Your CMS has TWO customers

WordPress, which I am using to write this, allows me to efficiently publish my ramblings for you to read.

The same is true for Drupal, SilverStripe and  <insert name of platform you use>. Saas platforms do likewise for services – they allow the service to be provisioned and used by the consumer.

So, every platform has to meet the needs of two customers, the internal user and the consumer, and allow them to connect in a way that allows the business to fulfil its mission.

The Internal User

The platform must allow staff (writer, administrator, whatever) to reach a state of flow in their work. The tool should provide what only what the provider needs, at the time it is needed. Staff should ideally not be aware of the tool as they use it. It should not get in their way.

Toolbars? Don’t give people 75 options, or five ways to do the same thing. Give only the relevant options as they are needed, and make one way to do one thing. It is less confusing, and training is simplified. Design hotkeys into the system. Mousing is bad for flow.


The Consumers

What is the job to be done by your product or service? The consumer experience must be designed with this in mind.

The Platform

Is the conduit between staff and consumers. Design principles apply on both sides to ensure a connection. Too often the focus is on getting the consumer-side right – beautiful design and great user experience – but the poor staff are left to struggle with tools that don’t work well, and don’t allow them to meet the consumers’ needs.

The challenge is to provide something that is great for both while also facilitating innovation and continual improvement. Nothing stands still, but too frequently systems are left to languish, and staff struggle with tools that no longer align with what they need to deliver to consumers.

Too often resources are so focussed on the consumer that staff can barely do the work required of them with workarounds.

The solution is careful selection of your platform. Off-the-shelf is rarely so. Customisation is rife. Bespoke systems are often captured by vendors. Be informed, collect data, talk to people, measure, evaluate. Then act. And be ready to evolve and change what you do as your customers and the supporting business processes change.

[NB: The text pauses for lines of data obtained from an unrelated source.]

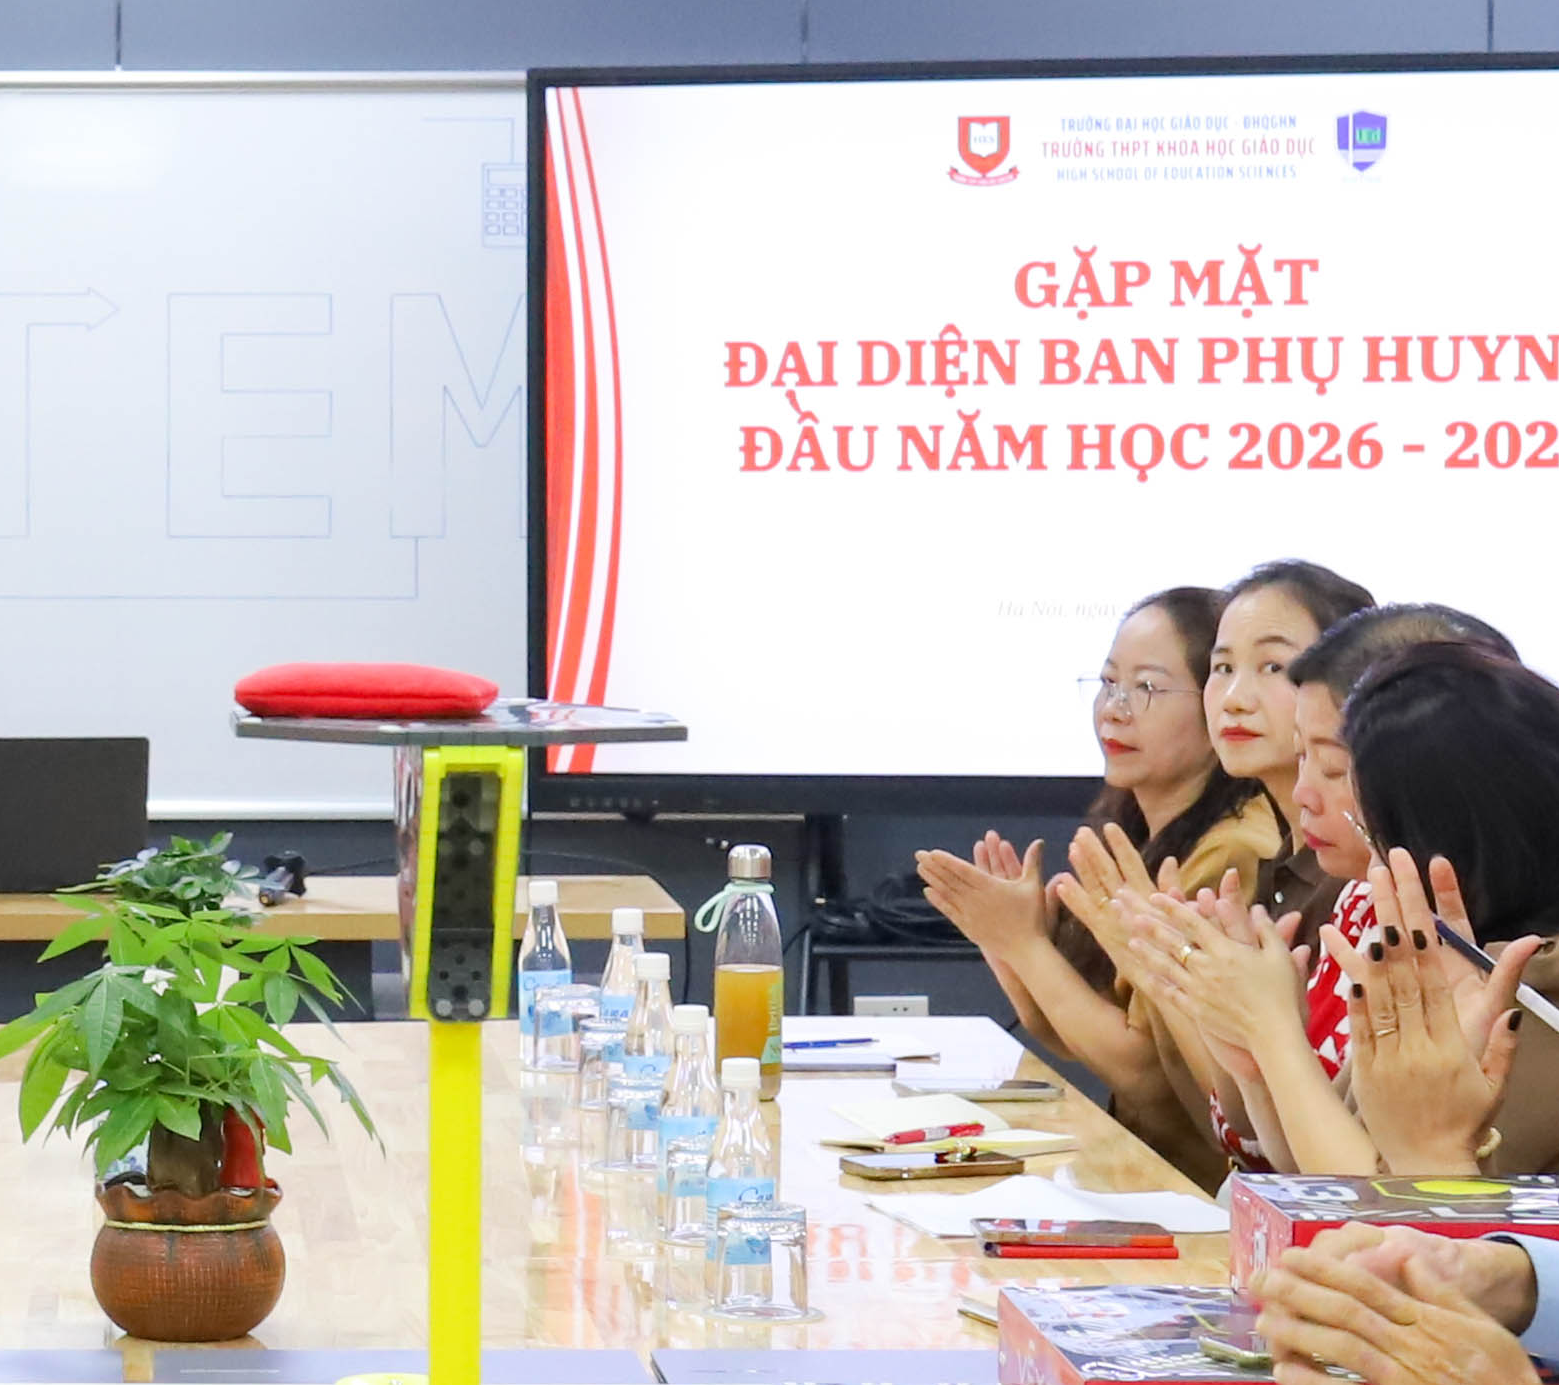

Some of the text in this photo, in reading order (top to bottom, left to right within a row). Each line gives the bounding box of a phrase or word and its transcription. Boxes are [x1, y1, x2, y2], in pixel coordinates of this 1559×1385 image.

[1042, 135, 1316, 160] TRƯỜNG THPT KHOA HỌC GIÁO DỤC
[1056, 165, 1297, 182] HIGH SCHOOL OF EDUCATION SCIENCES
[1014, 243, 1319, 320] GẶP MẶT
[724, 340, 839, 400] ĐẠI
[856, 323, 1020, 400] DIỆN
[1039, 338, 1178, 385] BAN
[1196, 336, 1344, 397] PHỤ
[738, 395, 878, 472] ĐẦU
[896, 408, 1048, 472] NĂM
[1066, 424, 1210, 482] HỌC
[1227, 422, 1385, 471] 2026
[1402, 444, 1426, 453] -

2 thoughts on “Your CMS has TWO customers

  1. This made me think about the weirdness of the current WordPress.com user interface. There’s a dumbed-down, somewhat restrictive ‘new’ style way of doing things alongside the old WP Admin that offers far more flexibility and depth.

    It reminds me of Microsoft’s first take on Windows 8 where you switched between two different interfaces.

    The new approach is closer to the ideal you mention, but it misses many of the features that makes WordPress so powerful. Frankly, if WP dropped WP Admin, I’d have to move to a different blogging service.

    Liked by 2 people

    1. I know WP has been pushing to simplify things, and as a power user I found some of the ‘lost’ things annoying too. I think the key is layer the functionality in such as way so as the common stuff is fast and simple for everyone, but the more complex stuff is only a click or hotkey away, and access to this deeper layer still allows flow. Having written UIs that get used by basic users, intermediate users, and advanced (admins), along with the public-facing side, it is not easy to execute. The power users want it all, the basic users want none of it.